Mechanisms of Treg suppression. Contact-dependent mechanisms: Induction of apoptosis via engagement of cytotoxic T lymphocyte antigen-4 (CTLA-4) and programed cell death 1 (PD1), granzyme A/B, TNF-related apoptosis-inducing ligand (TRAIL), the Fas/Fas-ligand pathway, the galectin-9/T cell immunoglobulin and mucin domain-3 (TIM-3) pathway and through IL-2 deprivation. Interaction of CTLA-4 with its ligand CD80/86 on antigen presenting cells (APCs) delivers a negative signal that prevents T cell activation. Cell surface lymphocyte activation gene 3 (LAG-3) binds to MHC class II molecules preventing the maturation and the ability of APCs to activate effector T cells.
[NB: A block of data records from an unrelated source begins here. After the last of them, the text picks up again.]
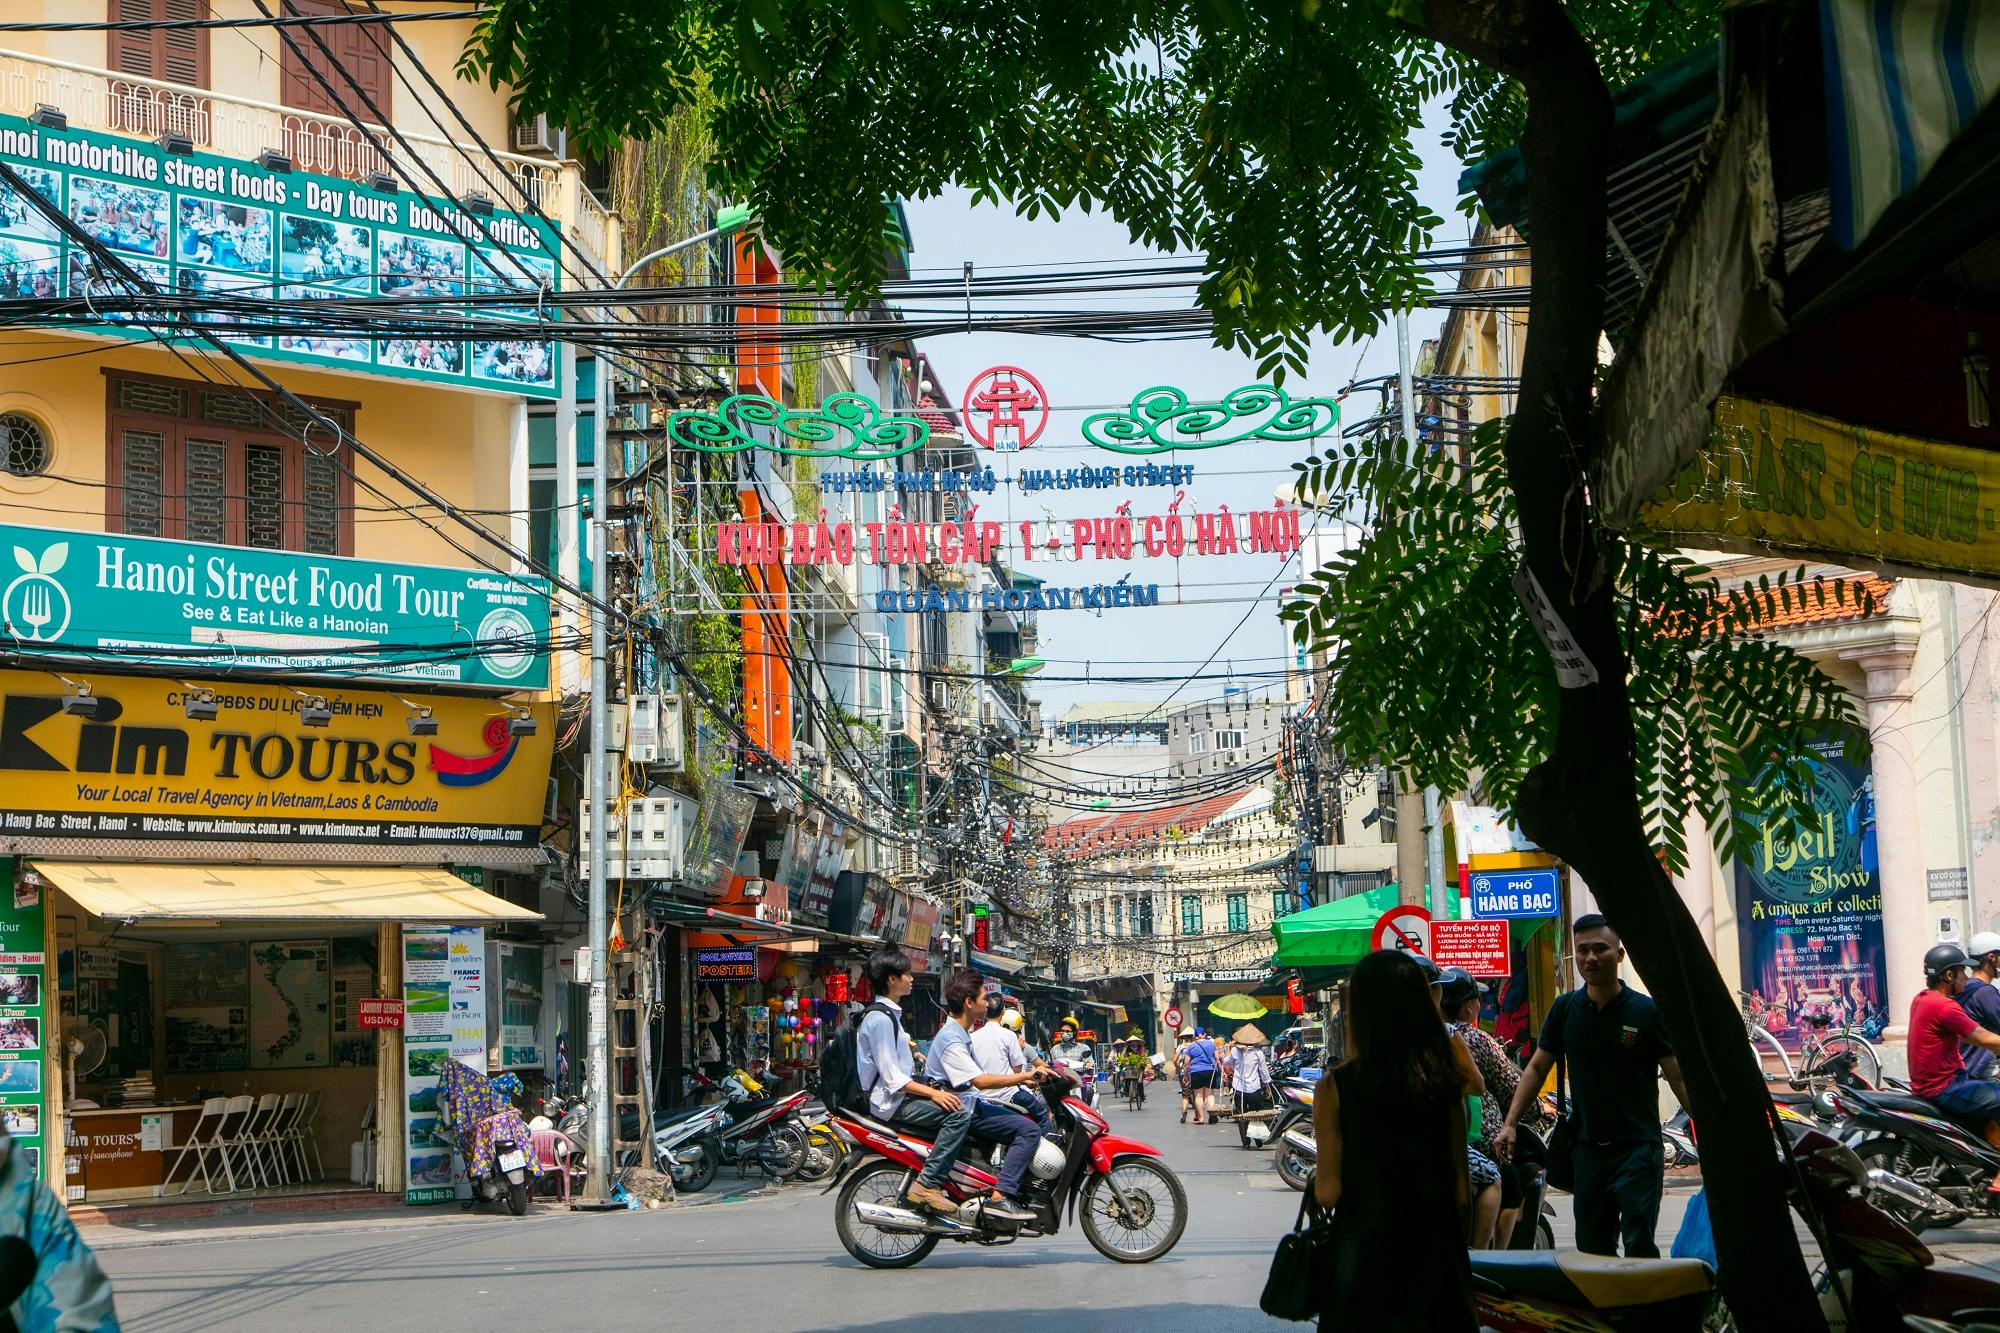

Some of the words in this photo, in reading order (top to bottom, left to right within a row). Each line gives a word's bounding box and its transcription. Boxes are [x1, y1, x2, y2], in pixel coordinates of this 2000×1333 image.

[0, 128, 39, 159] noi
[46, 134, 159, 182] motorbike
[164, 157, 225, 194] street
[230, 168, 287, 205] foods
[306, 181, 344, 218] Day
[349, 190, 398, 225] tours
[409, 201, 484, 244] booking
[489, 221, 541, 250] office
[1023, 466, 1116, 490] WALKING
[1123, 464, 1194, 487] STREET
[717, 522, 779, 565] KHU
[792, 507, 853, 565] BẢO
[940, 504, 1001, 564] CẤP
[1019, 520, 1032, 561] 1
[1074, 500, 1133, 560] PHỐ
[1145, 490, 1184, 558] CỔ
[1250, 498, 1300, 562] NỘI
[96, 545, 195, 596] Hanoi
[206, 556, 299, 606] Street
[308, 566, 383, 613] Food
[392, 574, 465, 618] Tour
[1083, 572, 1158, 608] KIẾM
[182, 602, 215, 621] See
[219, 605, 232, 622] &
[237, 607, 265, 625] Eat
[269, 610, 304, 629] Like
[308, 616, 318, 629] a
[323, 614, 389, 635] Hanoian
[415, 666, 455, 677] Vietnam
[259, 698, 278, 711] DU
[355, 703, 383, 719] HẸN
[0, 695, 189, 776] Kim
[210, 732, 416, 786] TOURS
[76, 784, 109, 802] Your
[112, 786, 153, 803] Local
[157, 786, 200, 805] Travel
[200, 789, 253, 810] Agency
[256, 791, 268, 807] in
[361, 796, 371, 809] &
[375, 795, 439, 812] Cambodia
[5, 813, 32, 830] Hang
[35, 814, 56, 829] Bac
[98, 815, 128, 831] Hanoi
[142, 817, 185, 832] Website:
[187, 819, 290, 835] www.kimtours.com.vn
[299, 822, 380, 838] www.kimtours.net
[390, 824, 418, 839] Email:
[418, 825, 523, 842] kimtours137@gmail.com
[1508, 878, 1533, 890] PHỐ
[1809, 864, 1869, 894] Show
[1478, 892, 1519, 911] HÀNG
[1522, 893, 1552, 912] BẠC
[1752, 900, 1765, 920] A
[1768, 901, 1808, 919] unique
[1813, 898, 1832, 913] art
[975, 908, 987, 916] SPA
[1795, 917, 1810, 925] 8pm
[1811, 917, 1830, 925] every
[1832, 914, 1863, 923] Saturday
[1439, 923, 1463, 932] TUYẾN
[1464, 923, 1479, 932] PHỐ
[1489, 924, 1500, 932] BỘ
[1819, 925, 1837, 933] Hang
[22, 954, 41, 963] Hanoi
[700, 965, 753, 976] POSTER
[1173, 972, 1205, 981] PEPPER
[1212, 970, 1242, 981] GREEN
[1244, 968, 1273, 979] PEPPE
[361, 1002, 382, 1013] LAUNDRY
[383, 1003, 403, 1014] SERVICE
[364, 1016, 399, 1026] USD/Kg
[455, 1025, 483, 1040] THAI
[94, 1134, 133, 1146] TOURS
[409, 1192, 417, 1200] 74
[417, 1191, 432, 1200] Hang
[433, 1190, 444, 1199] Bac
[445, 1189, 454, 1199] Str
Expression of membrane-bound active TGFβ-1. Disruption of metabolic pathways through the production of adenosine from the ectoenzymes CD39/CD73-mediated degradation of extracellular ATP to AMP. ATP-derived adenosine increases intracellular cAMP levels on Tregs that is transferred to T effector cells through gap junctions, leading to the upregulation of inducible cAMP early repressor (ICER) and in turn, the inhibition of nuclear factor of activated T-cells (NFAT) and IL-2 transcription. Contact-independent mechanisms: Anti-inflammatory cytokine production (IL-10, IL-35, and TGF-β) has been linked with inhibition of T cell activation in vivo. Transfer of micro ribonucleic acid (miRNA) through exosomes can silence specific genes in T effector cells, preventing proliferation and cytokine production.